● **WORK INSTRUCTIONS**
Set down every entry exactly as it stands, omitting any picture.

EXERCISE INPUTS Block Start

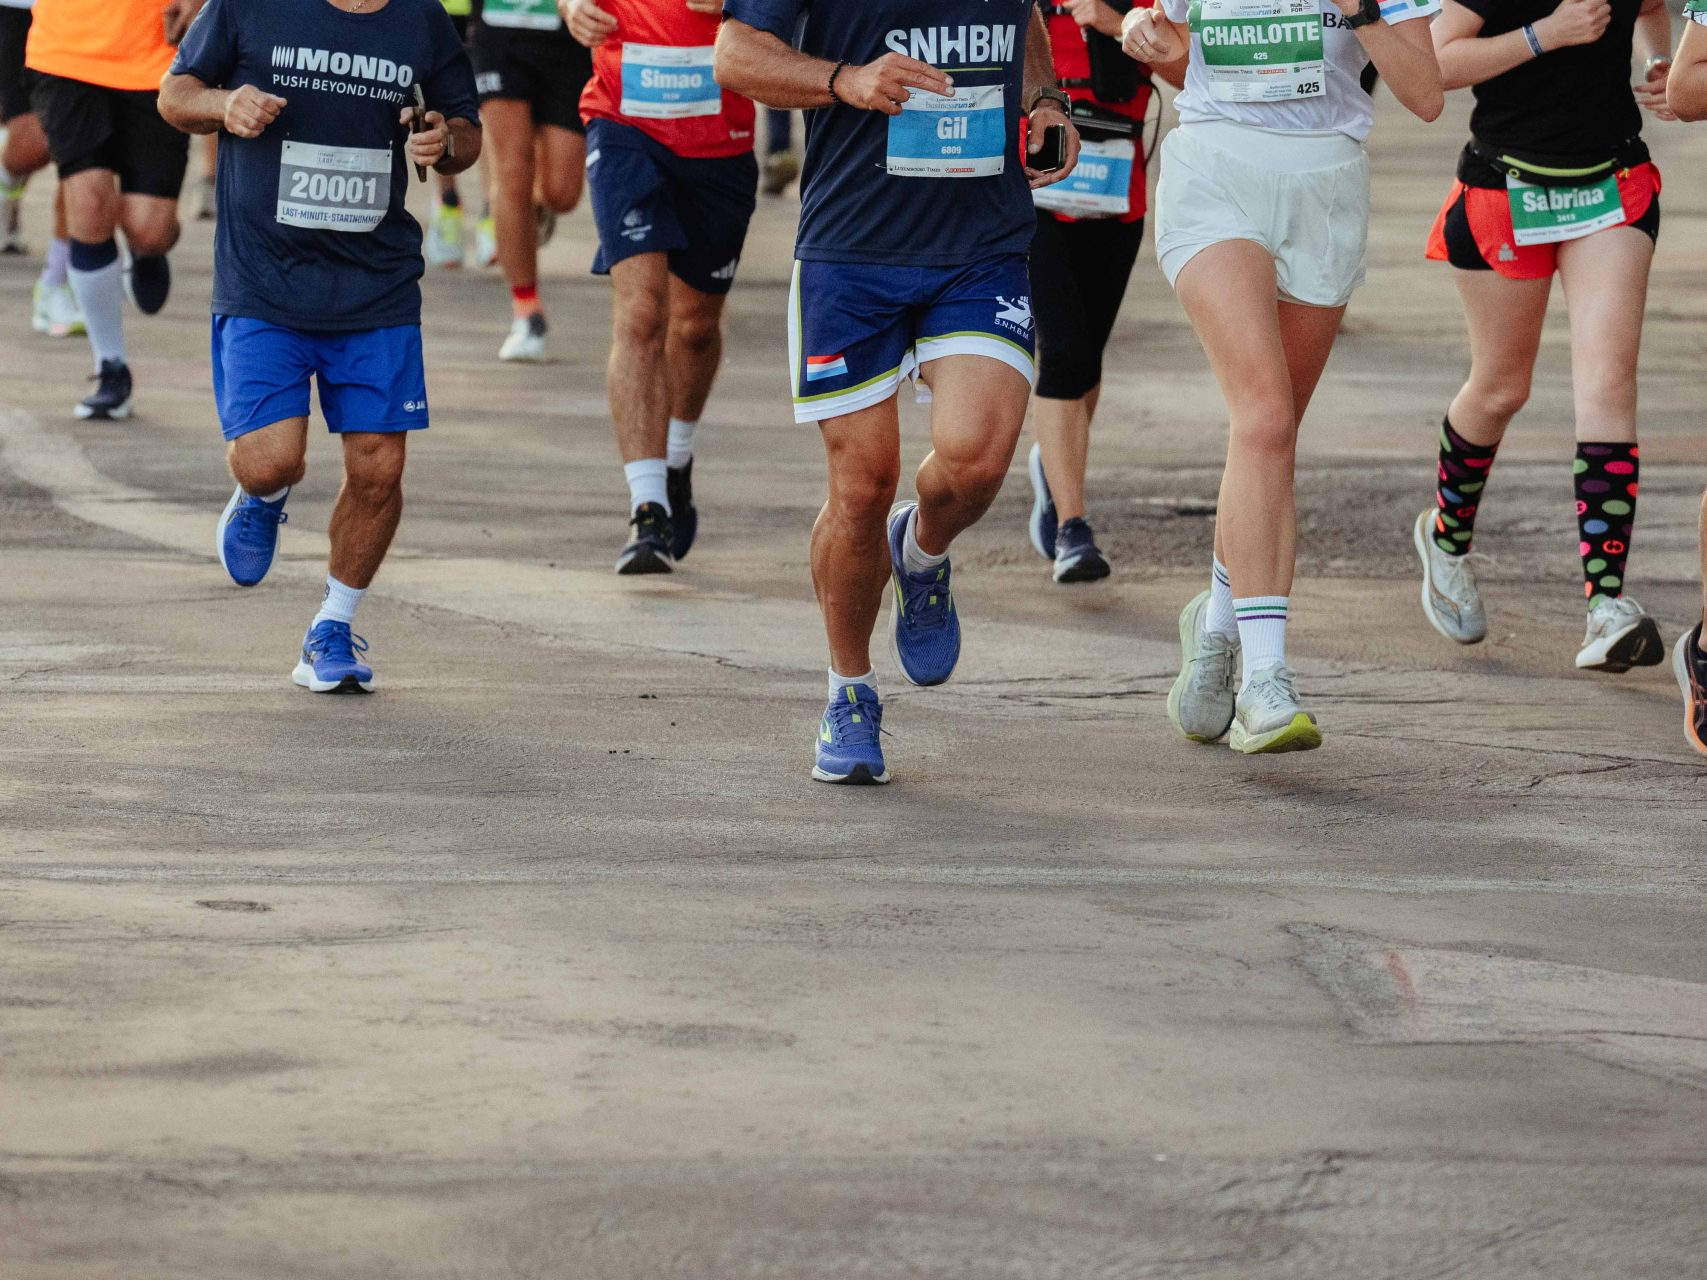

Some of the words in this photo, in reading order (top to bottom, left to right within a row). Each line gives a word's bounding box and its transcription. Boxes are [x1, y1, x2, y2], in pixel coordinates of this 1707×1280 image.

[884, 24, 1016, 65] SNHBM
[1202, 21, 1320, 46] CHARLOTTE
[295, 46, 413, 88] MONDO
[1253, 52, 1268, 60] 425
[272, 73, 309, 89] PUSH
[311, 78, 367, 97] BEYOND
[369, 86, 406, 105] LIMITS
[640, 67, 703, 89] Simao
[1296, 81, 1320, 94] 425
[937, 116, 968, 140] Gil
[941, 145, 962, 155] 6809
[290, 171, 377, 205] 20001
[1522, 187, 1605, 213] Sabrina
[282, 207, 383, 224] LAST-MINUTE-STARTNUMMER

EXERCISE INPUTS Block End

● **PROBLEM SOLUTION**
Some of the words in this photo, in reading order (top to bottom, left to right within a row). Each line gives a word's bounding box and its transcription. Boxes are [x1, y1, x2, y2], in pixel coordinates of this 1707×1280 image.

[884, 24, 1016, 65] SNHBM
[1202, 21, 1320, 46] CHARLOTTE
[295, 46, 413, 88] MONDO
[1253, 52, 1268, 60] 425
[272, 73, 309, 89] PUSH
[311, 78, 367, 97] BEYOND
[369, 86, 406, 105] LIMITS
[640, 67, 703, 89] Simao
[1296, 81, 1320, 94] 425
[937, 116, 968, 140] Gil
[941, 145, 962, 155] 6809
[290, 171, 377, 205] 20001
[1522, 187, 1605, 213] Sabrina
[282, 207, 383, 224] LAST-MINUTE-STARTNUMMER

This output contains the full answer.